Se é que uma paisagem tropical não evolui a partir de uma estaca zero, completamente
despida de solos e de vegetação, mas sim evolui ou se modifica a partir de toda a sua
riqueza superficial de produtos de intemperismo, de solos e de cobertura vegetal, é
evidente que seu relevo atual comporta um saldo de interferência que somente poder ser
compreendido à de uma investigação minuciosa dos seus depósitos superficiais. Na
realidade, custou muito para se compreender que as bases rochosas da paisagem
respondem apenas por uma certa ossatura topográfica, e, que, na realidade são os
processos morfoclimáticos sucessivos que realmente modelam e criam feições próprias
do relevo. Mais difícil ainda foi entender que conforme o clima e as variações
climáticas é o comportamento superficial das bases litológicas da paisagem. Na
verdade, as rochas poder se revestir de um máximo de regolitos por intemperismo
químico (como é o caso do domínio dos “mares de morros”), mas frente a outros tipos
de clima ou épocas de mudanças climáticas podem sofre descarnações parciais ou
extensivas de seus mantos de decomposição, de seus solos e de sua cobertura vegetal.

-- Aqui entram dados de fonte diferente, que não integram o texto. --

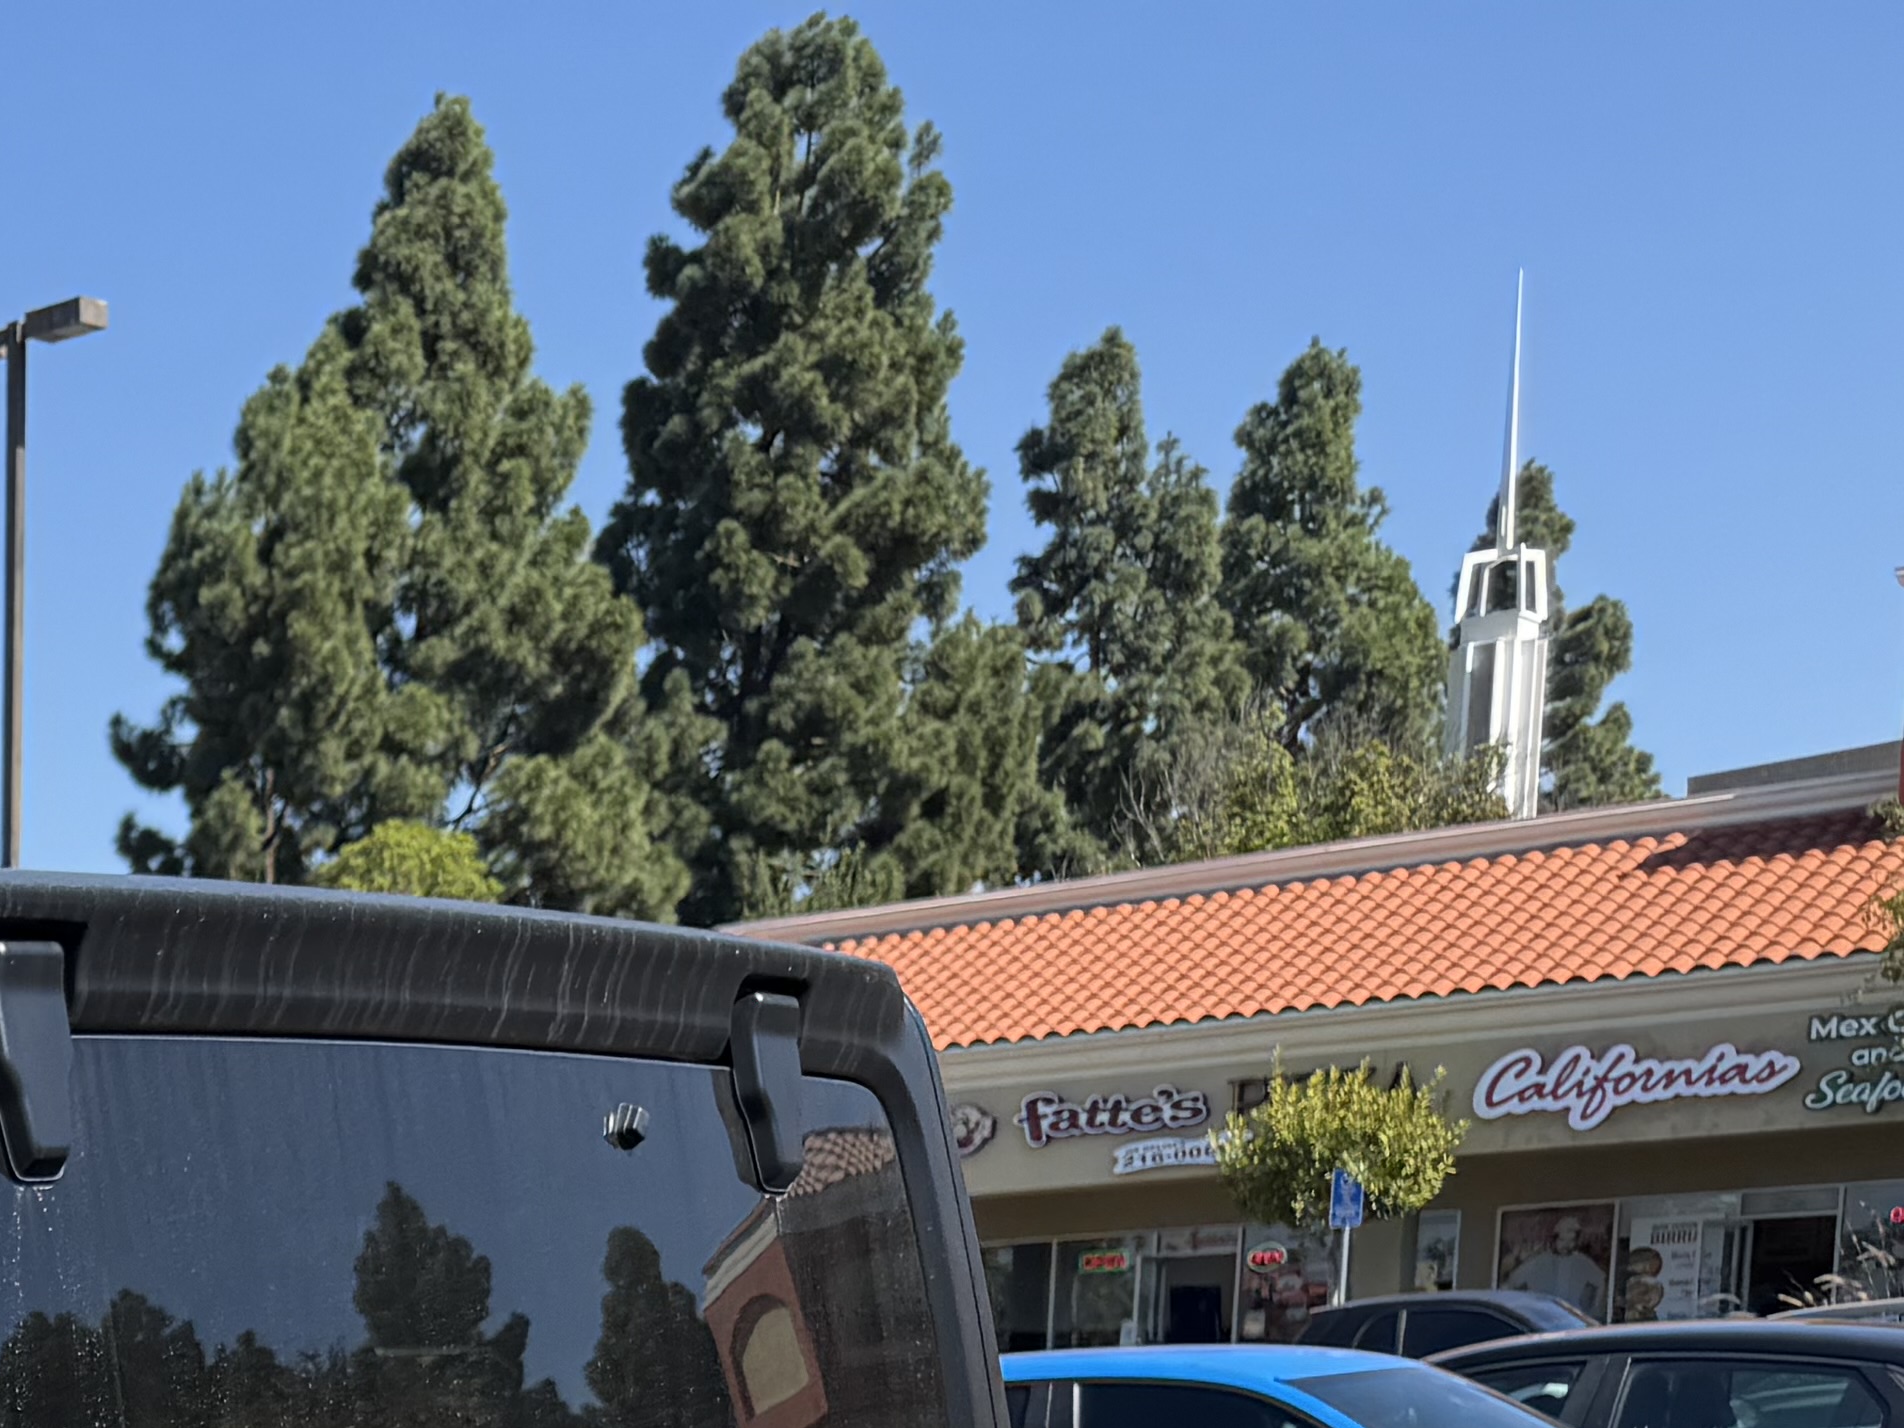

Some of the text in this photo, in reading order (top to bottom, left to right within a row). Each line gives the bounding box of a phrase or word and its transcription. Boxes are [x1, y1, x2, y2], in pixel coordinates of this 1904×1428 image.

[1810, 1015, 1879, 1040] Mex
[1484, 1050, 1789, 1122] Californias
[1804, 1069, 1904, 1113] Seafo

Isto para não fala nas correlações estreitas existentes no interior de cada domínio
morfoclimático entre as feições erosivas, as feições residuais e as feições deposicionais.
Quer nos parecer, entretanto, que o setor mais difícil da pesquisa geomorfológica diz
respeito à compreensão da dinâmica em processo, ou seja, o estudo propriamente dito
da fisiologia da paisagem. Muito embora as bases das ciências da Terra tenham sido
assentadas na observação dos processos atuais – entendidos como chaves para a
interpretação dos processos pretéritos – o que se conhece efetivamente sobre a fisiologia
global dos diversos tipos de paisagem ainda deixa muito a desejar.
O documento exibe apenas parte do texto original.